Przełomowe wybory w Wenezueli. Po raz pierwszy w XXI wieku, opozycja odniosła zwycięstwo w wyborach.
Jak wynika ze wstępnych obliczeń, Koalicja na rzecz Jedności Demokratycznej (MUD) zdobyła 99 miejsc w 167-osobowym w parlamencie. Oznacza to, że wenezuelska opozycja odniosła pierwsze od 16 lat wyborcze zwycięstwo.
Nadszedł czas na zmiany w naszym kraju – stwierdził lider opozycji Jesus Torrealba.
Czytaj także: Wybory parlamentarne 2015 [Relacja na żywo]
W Wenezueli obowiązuje system prezydencki. W 2013 roku na 6-letnią kadencję został wybrany Nicolas Maduro, który do tej pory miał wsparcie w parlamencie narodowym. Po niedzielnych wyborach sytuacja ulegnie znaczącej zmianie.
Czytaj także: Wenezuela: Będzie kontrola zakupów, czytniki linii papilarnych pojawią się w marketach
Po ogłoszeniu wstępnych wyników wyborów, prezydent Maduro uznał porażkę socjalistów, dodając, że w jego kraju ponownie zwyciężyła demokracja i konstytucja.
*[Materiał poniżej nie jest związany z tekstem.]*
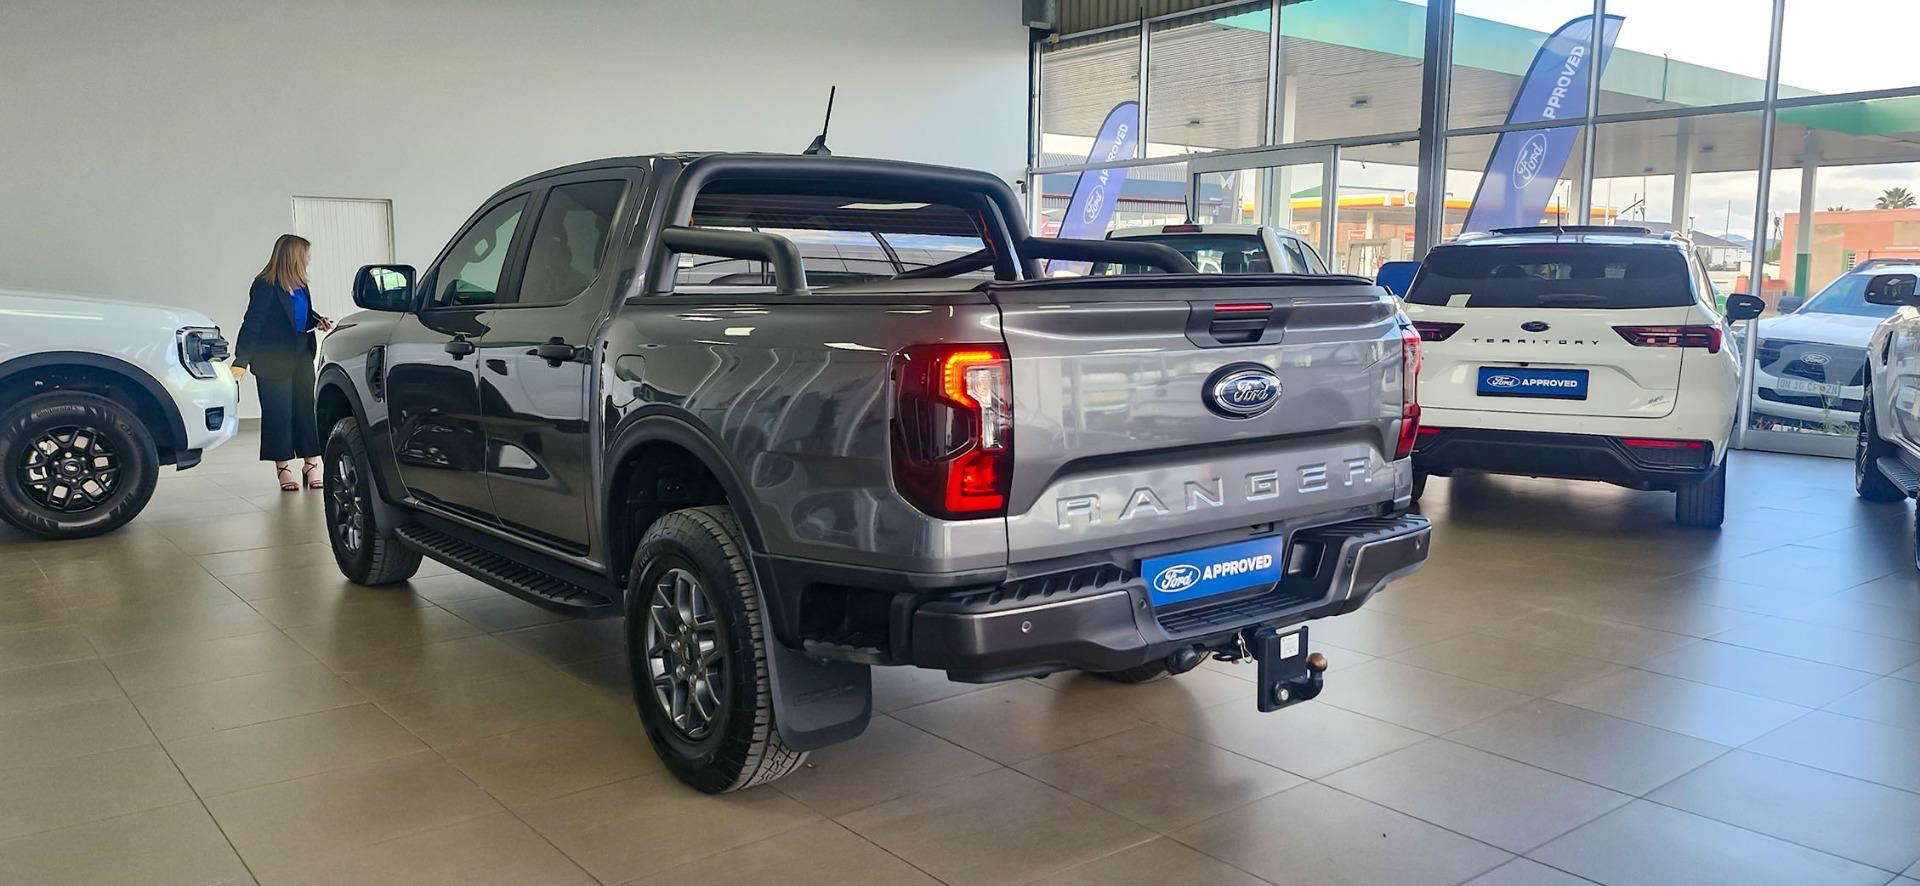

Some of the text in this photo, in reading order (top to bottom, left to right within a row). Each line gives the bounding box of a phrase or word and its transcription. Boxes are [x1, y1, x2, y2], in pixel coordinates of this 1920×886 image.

[1517, 45, 1585, 180] Ford PPROVED
[1086, 191, 1102, 219] Ford
[1233, 379, 1269, 403] Ford
[1492, 376, 1578, 387] Ford APPROVED
[1056, 457, 1372, 529] RANGER
[1161, 554, 1273, 590] Ford APPROVED
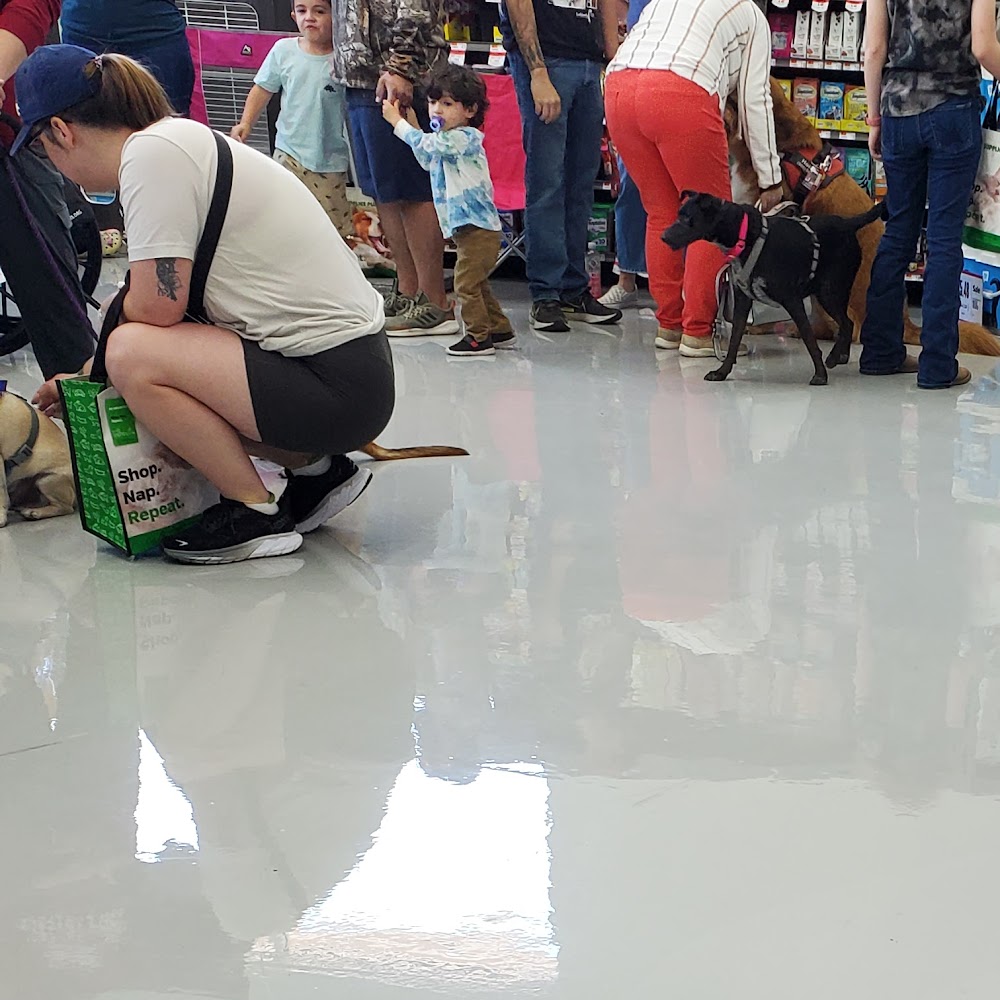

Socjalistyczne rozwiązania dotychczasowych władz bardzo mocno odbiły się na Wenezueli. W ostatnich miesiącach, obywatele tego kraju zmagali się z niedoborem podstawowych dóbr. Warto również wspomnieć o dużych spadkach cen ropy, a więc surowca na którym opiera się wenezuelska gospodarka. Nie dziwi zatem fakt, iż niedzielne wybory zakończyły się porażką partii socjalistycznej, a na ulicach Caracas pojawiły się setki świętujących Wenezuelczyków.